Titre original : Scorpion Thunderbolt

Titre(s) alternatif(s) :Snake

Réalisateur(s) :Godfrey Ho

Année : 1985

Nationalité : Hong Kong

Durée : 1h26

Genre : De tout au meilleur prix

Acteurs principaux :Richard Harrison, Juliet Chan, Maura Fong, Bernard Tsui, Nancy Lim, Cynthia Ku, Samson Kim, Tony Man, Cathy Evan

John Nada
NOTE
3/ 5


La magie noire, la violence, la perfidie, la peur, le mythique, le kung-fu, l'érotisme et une intrigue policière sont les huit raisons pour lesquelles vous ne devez rater ce film sous aucun prétexte. C'est pas moi qui l'dit, c'est la bande-annonce de Scorpion Thunderbolt. Une bande-annonce dont on saluera le bel esprit de synthèse et l'incomparable puissance argumentative : on tient là en effet un exemple malheureusement trop rare de bande-annonce qui, en s'efforçant de rationaliser toute la richesse thématique d'une œuvre, pré-mâche efficacement le travail du critique. Merci à toi le concepteur de la bande-annonce de Scorpion Thunderbolt, hardi travailleur de l'ombre, noble héros anonyme, car grâce à toi le plan de cette chronique est tout trouvé ! Plus qu'un simple 2-en-1 de chez IFD, c'est carrément du 8-en-1 que tu nous promets ici, avec une voix aux inflexions de camelot en pré-retraite et une musique piquée à John Lennon. Merci à toi le vendeur de rêve !

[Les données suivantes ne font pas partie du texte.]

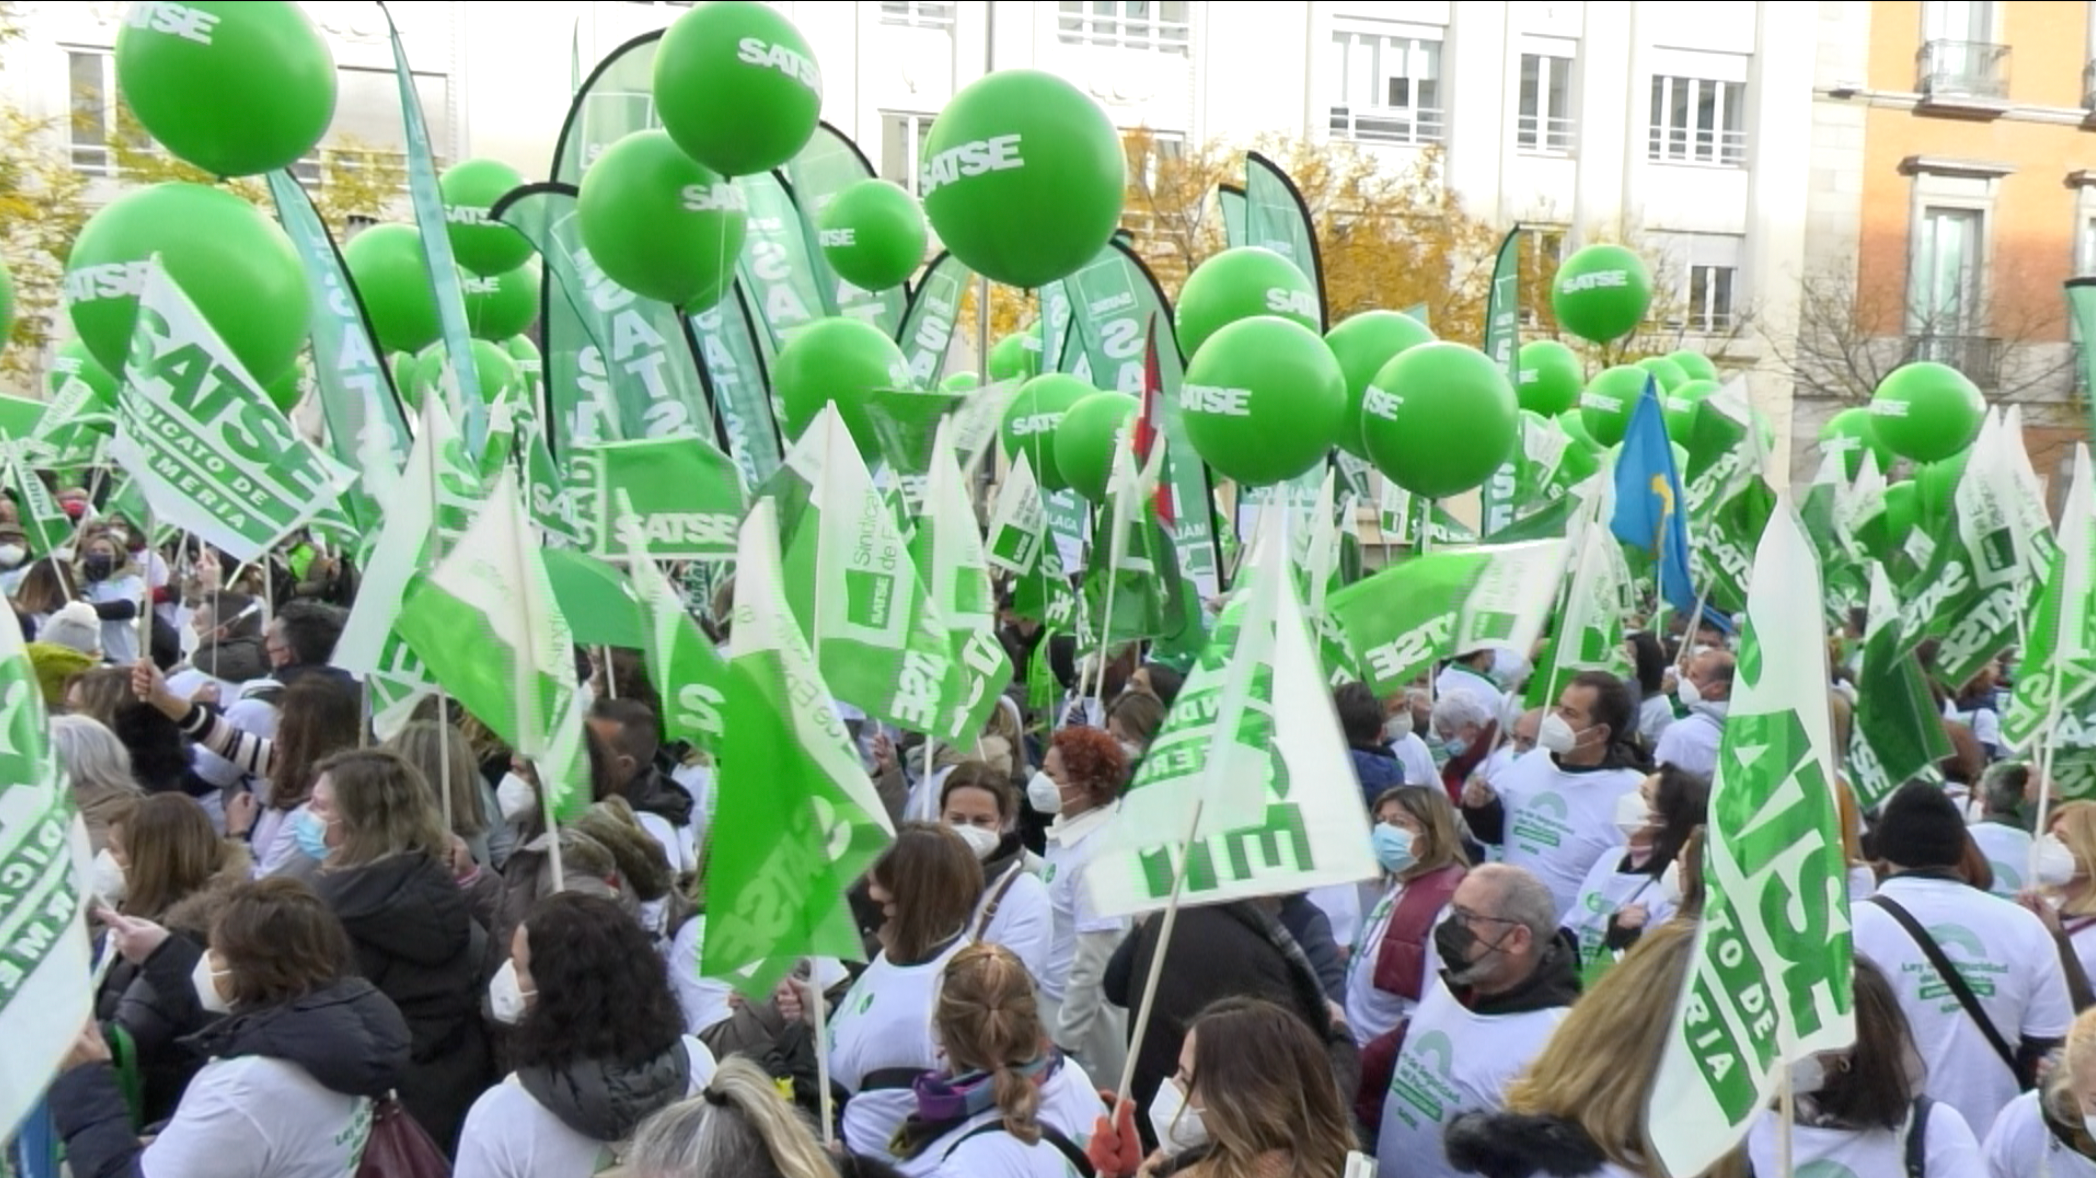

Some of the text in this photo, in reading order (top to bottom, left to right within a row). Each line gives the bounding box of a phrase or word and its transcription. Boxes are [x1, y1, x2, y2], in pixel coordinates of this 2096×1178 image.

La bande-annonce de Scorpion Thunderbolt concentre tout le charme et la magie du cinéma bis le plus décomplexé, où les productions les plus misérables sont souvent celles qui claironnaient le plus bruyamment pour racoler le gogo dans les cinémas de quartiers. La bande-annonce de Scorpion Thunderbolt, c'est un pur bijou qui justifie à lui seul l'existence de Nanarland et nous rappelle avec un foudroyant sens de l'à-propos une des raisons d'être de ce site : porter à l'auguste lumière de la connaissance universelle les artefacts filmiques aussi mauvais que sympathiques ayant sombré dans les noirs précipices de l'oubli.




T'aimes le Kung-fu et l'Erotisme ? Alors achète mon film, il est beau mon film ! Et le Mythique, tu aimes le Mythique ? Non ? Et la Perfidie ?


Maintenant, que vaut le film en lui-même ?
Comme c'est souvent le cas dans les productions 2-en-1 de chez IFD, l'histoire de Scorpion Thunderbolt est à la fois fort simple et fort compliquée. Dans le métrage vampirisé par Godfrey Ho et Joseph Lai (pour celles et ceux qui ne seraient pas familiers avec les techniques frauduleuses du duo, je vous renvois à la définition du "2-en-1" qui figure dans notre glossaire), un monstre mi-homme mi-serpent sème la terreur dans une ville d'Asie indéterminée. En gros, il ressemble à un Godzilla à taille humaine, sauf que du coup, à défaut de pouvoir écrabouiller des immeubles, il se contente de quelques meurtres nocturnes comme un banal tueur en série. Un inspecteur de police pas franchement finaud mène l'enquête...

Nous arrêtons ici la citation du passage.